La bondad y la facilidad manifestadas en la alimentación y nutrición de los animales débiles y jóvenes demuestran que el Monarca del cosmos ejercita Su soberanía con misericordia infinita. ¿Es acaso posible que una compasión misericordiosa de este nivel en ejercicio de soberanía no acepte la oración del más virtuoso y bello de toda la creación? Esta verdad se explica en la Palabra Diecinueve, pero repitamos nuestra declaración sobre este asunto aquí:

¡Oh, amigo que escuchas estas palabras junto a mi propia alma! Dijimos en la comparación que hubo una reunión en cierta isla, y un comandante muy noble dio un discurso allí. Para descubrir la verdad indicada en la comparación, ven, vayámonos de esta época, y en nuestra mente e imaginación viajemos a la Península Arábiga en la bendita época del Profeta (PyB), para visitarlo y observarlo mientras él realiza sus tareas y se dedica a la adoración. Ve, tal como él es el medio para obtener la dicha eterna, por medio de su misión profética y guía, así también él es la razón de la existencia de esa dicha y el medio para la creación del Paraíso, a través de su adoración y oración.

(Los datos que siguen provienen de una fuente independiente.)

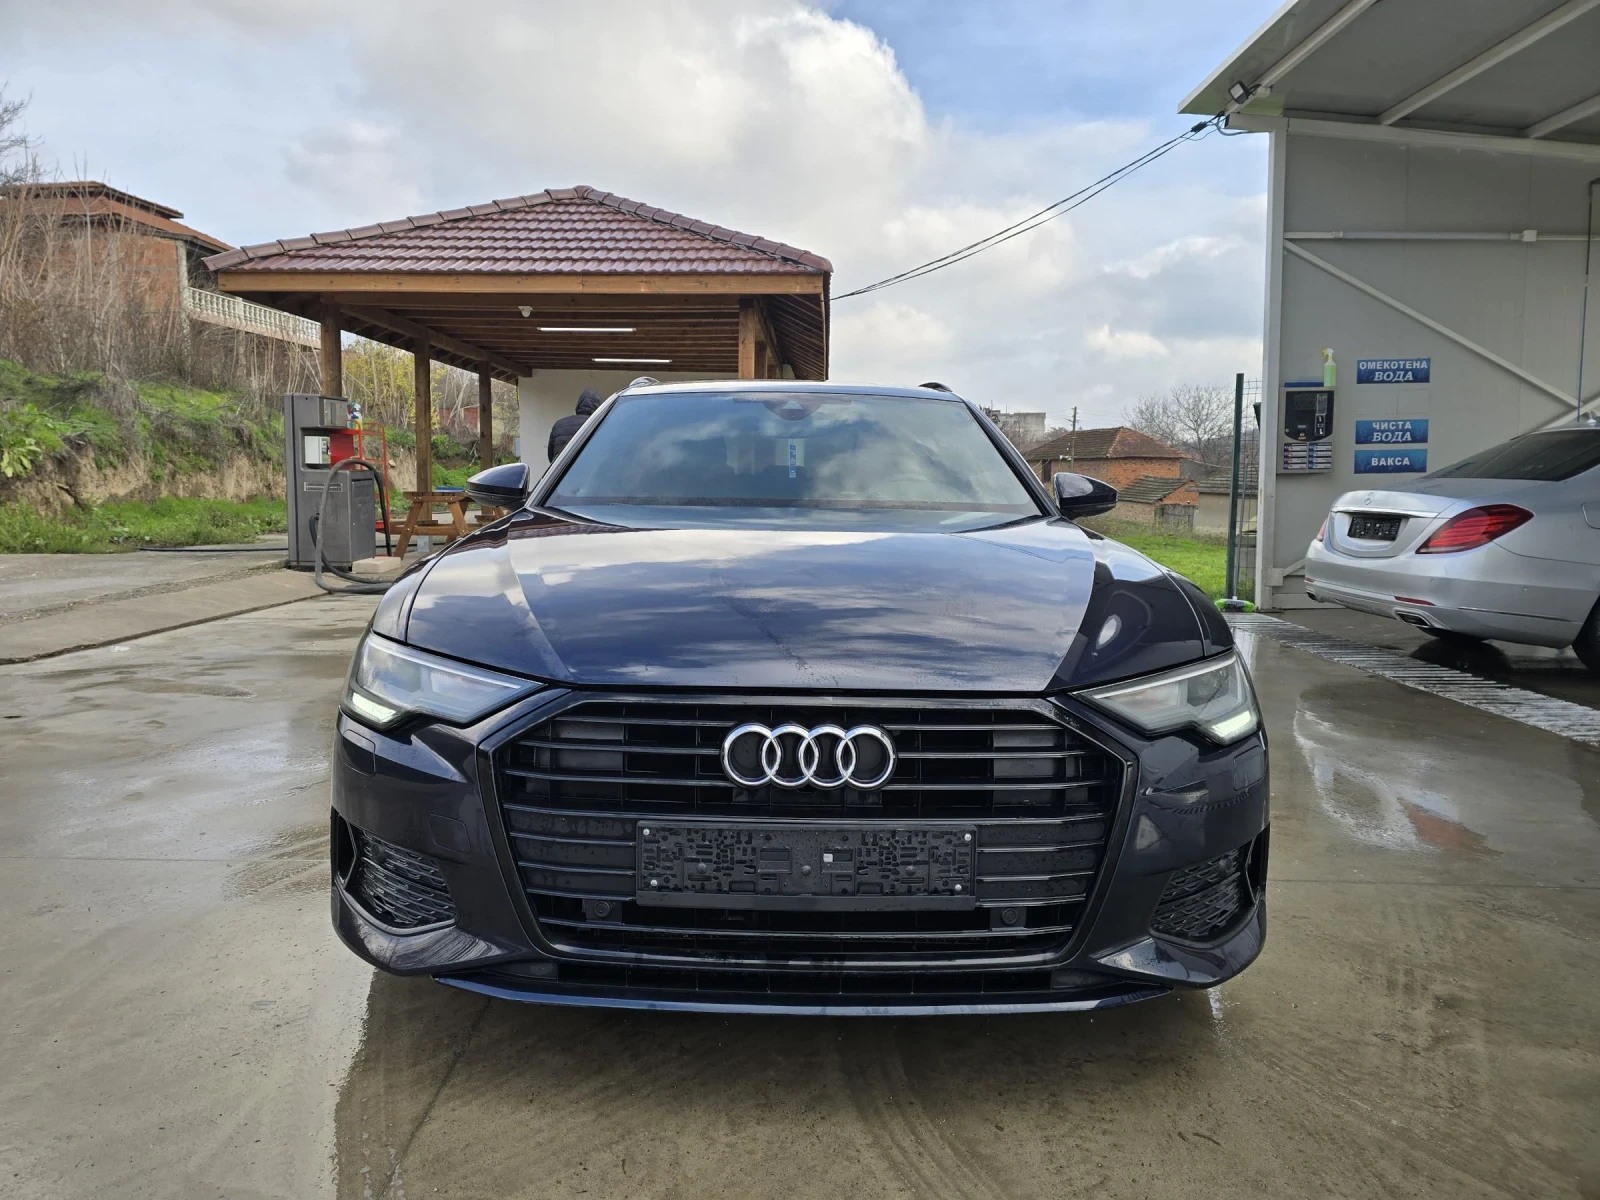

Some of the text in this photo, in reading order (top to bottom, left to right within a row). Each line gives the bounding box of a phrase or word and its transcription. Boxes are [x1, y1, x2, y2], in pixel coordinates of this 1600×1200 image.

[1359, 360, 1428, 370] ОМЕКОТЕНА
[1373, 371, 1413, 382] ВОДА
[1372, 421, 1412, 430] ЧИСТА
[1372, 431, 1412, 442] ВОДА
[1371, 457, 1410, 466] ВАКСА
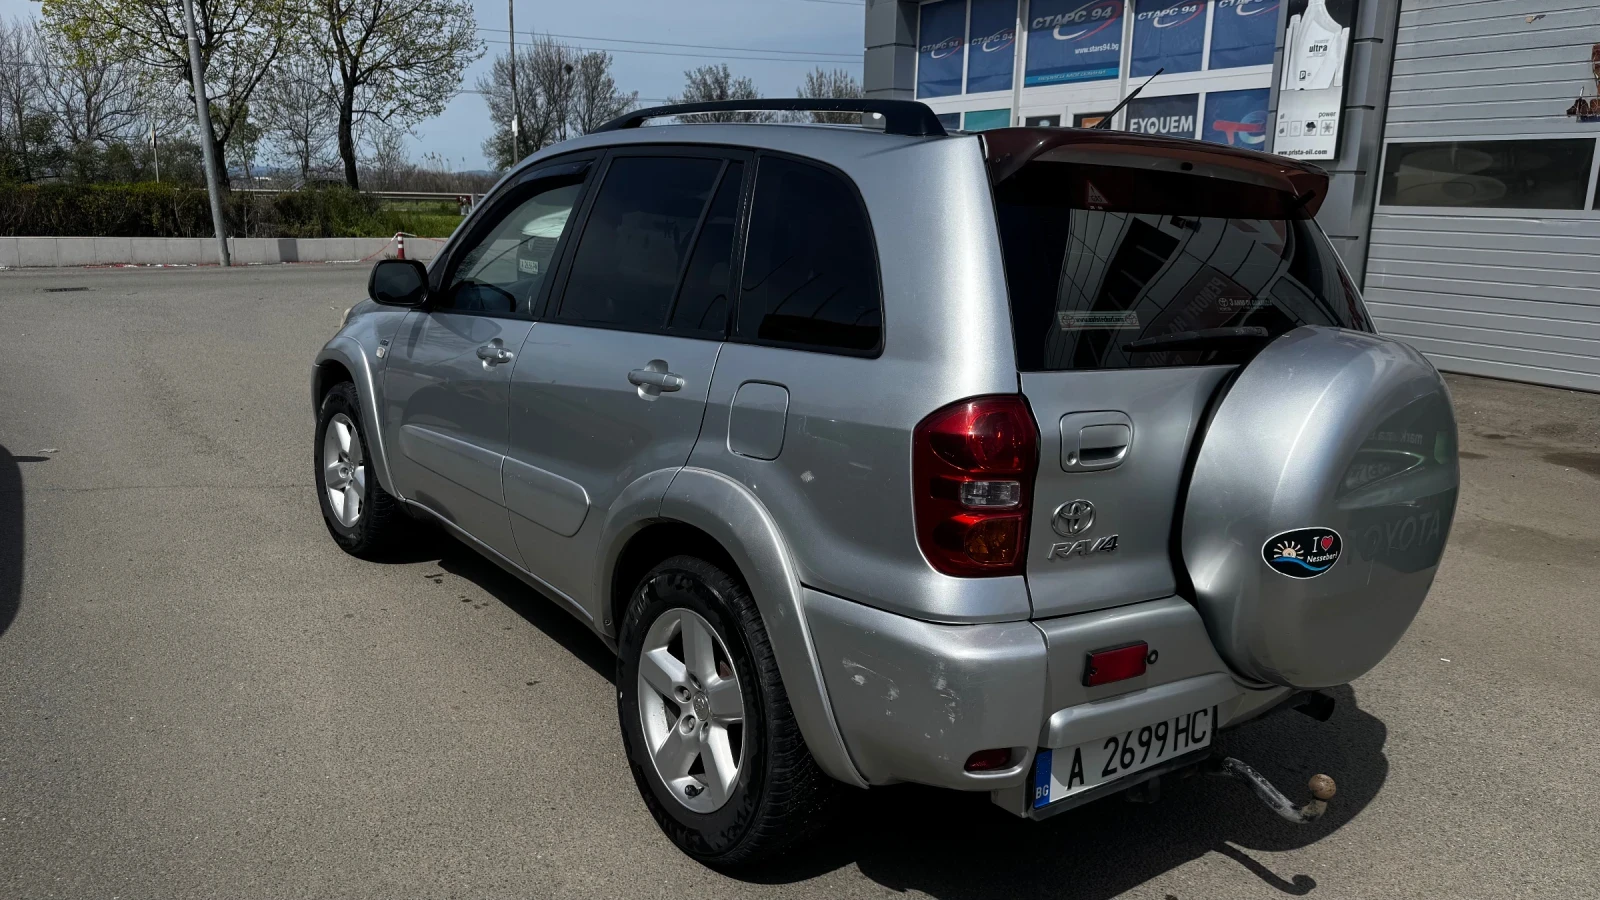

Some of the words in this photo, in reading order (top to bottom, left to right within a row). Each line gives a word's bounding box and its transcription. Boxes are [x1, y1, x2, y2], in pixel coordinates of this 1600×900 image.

[1218, 0, 1263, 8] СТА
[1032, 11, 1088, 30] СТАРС
[1091, 7, 1112, 20] 94
[1137, 8, 1178, 21] СТАРС
[1181, 4, 1197, 14] 94
[921, 41, 947, 53] СТАРС
[948, 39, 959, 48] 94
[971, 34, 1000, 46] СТАРС
[1002, 32, 1013, 41] 94
[1074, 43, 1119, 55] www.stars94.bg
[1308, 44, 1328, 53] ultra
[1318, 111, 1336, 119] power
[1129, 115, 1194, 135] EYQUEM
[1311, 536, 1320, 553] I
[1345, 509, 1441, 566] TOYOTA
[1046, 534, 1120, 560] RAV4
[1066, 747, 1085, 791] A
[1101, 720, 1169, 778] 2699
[1173, 709, 1208, 752] HC
[1035, 784, 1049, 800] BG
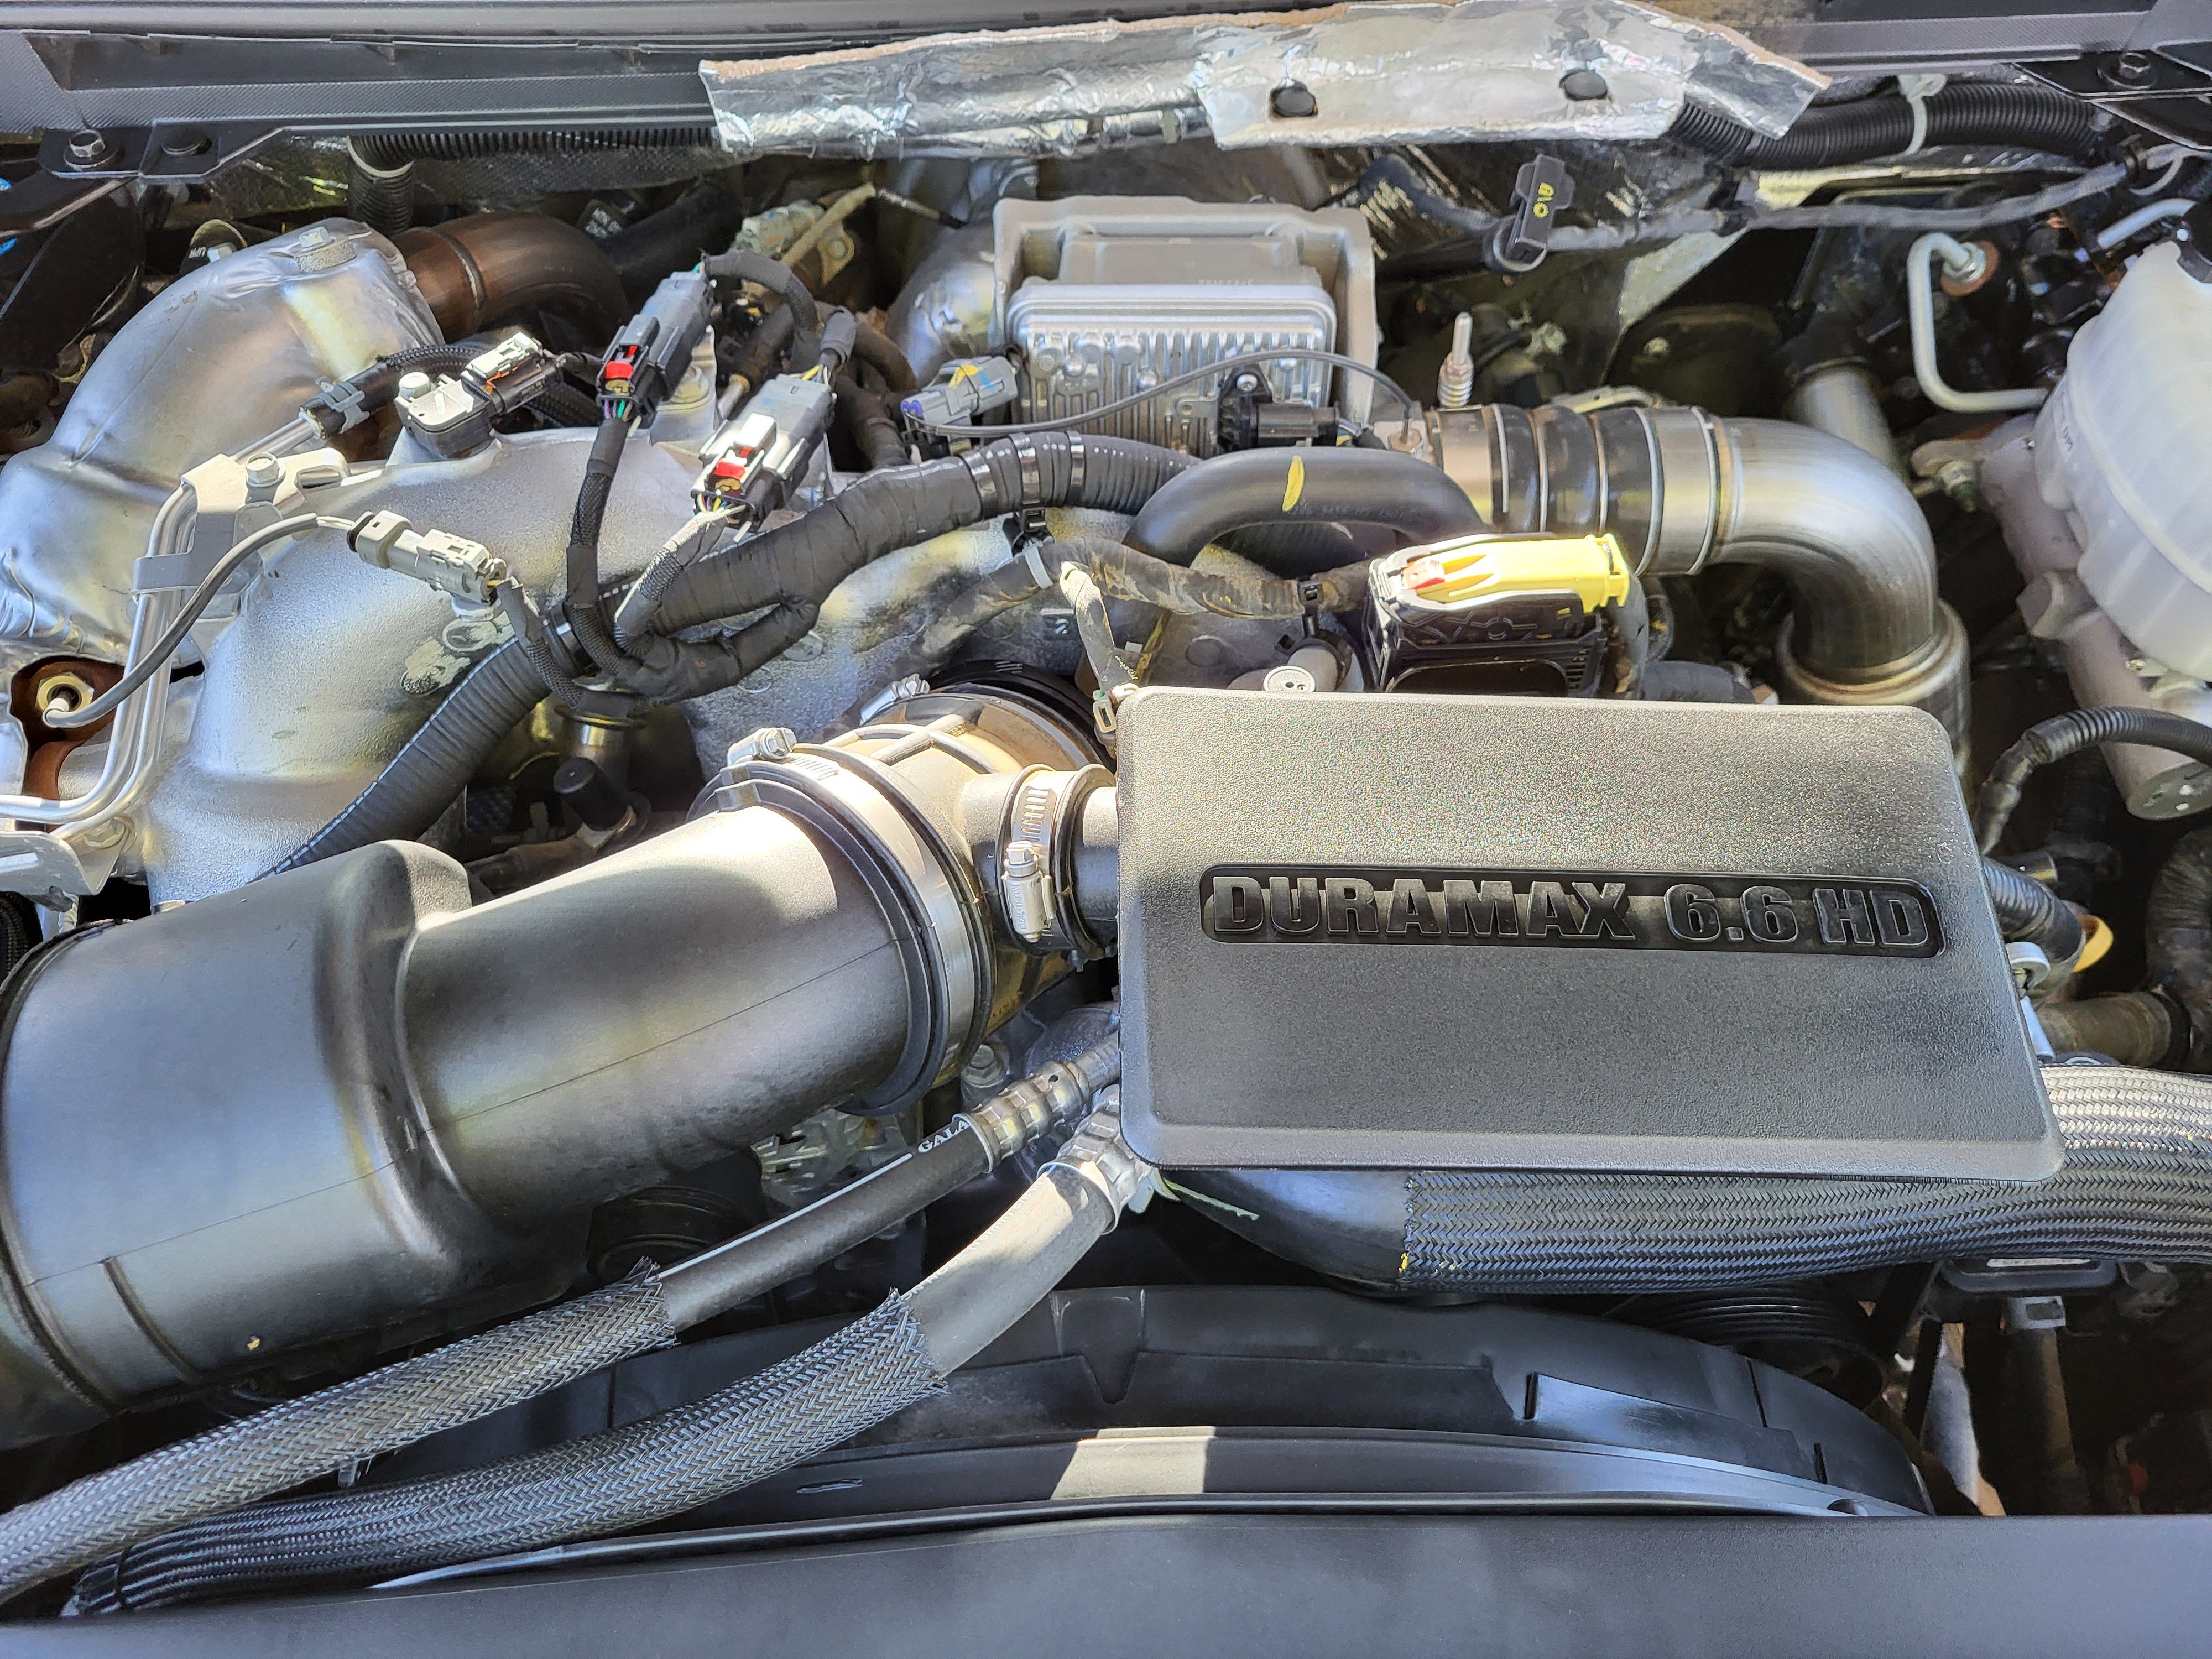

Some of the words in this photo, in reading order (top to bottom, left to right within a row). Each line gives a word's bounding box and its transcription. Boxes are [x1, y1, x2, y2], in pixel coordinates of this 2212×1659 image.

[1212, 875, 1637, 942] DURAMAX
[1663, 884, 1801, 946] 6.6
[1811, 886, 1937, 950] HD
[917, 1119, 971, 1154] GALA

[^15]:Aquel cuyo reino ha durado mil trescientos cincuenta años y continúa, que generalmente ha tenido más de trescientos cincuenta millones de súbditos y, a quien sus súbditos diariamente renuevan su promesa de lealtad y por cuyas perfecciones ellos continuamente atestiguan, cuyas órdenes son obedecidas con perfecta sumisión, cuyo tono espiritual ha coloreado la mitad del globo terráqueo y a una quinta parte de la humanidad, que es el amado de los corazones de los seres humanos y el educador de sus espíritus; semejante ser sin duda es el siervo más grande del Señor Quien lo hace prevalecer sobre el universo. Además, ya que la mayoría de los reinos de seres aplaudieron la función y el deber de ese ser al cargar el fruto de sus milagros, con certeza es la criatura más amada del Diseñador del cosmos. De igual modo, el deseo de perpetuidad que existe en todos los seres humanos en virtud de su naturaleza, un deseo que eleva a los seres humanos desde lo más bajo de lo bajo a lo más alto de lo alto, es el más grande de todos los deseos y peticiones, adecuadas para ser presentadas ante el Proveedor de todas las Necesidades sólo por el más grande de Sus siervos.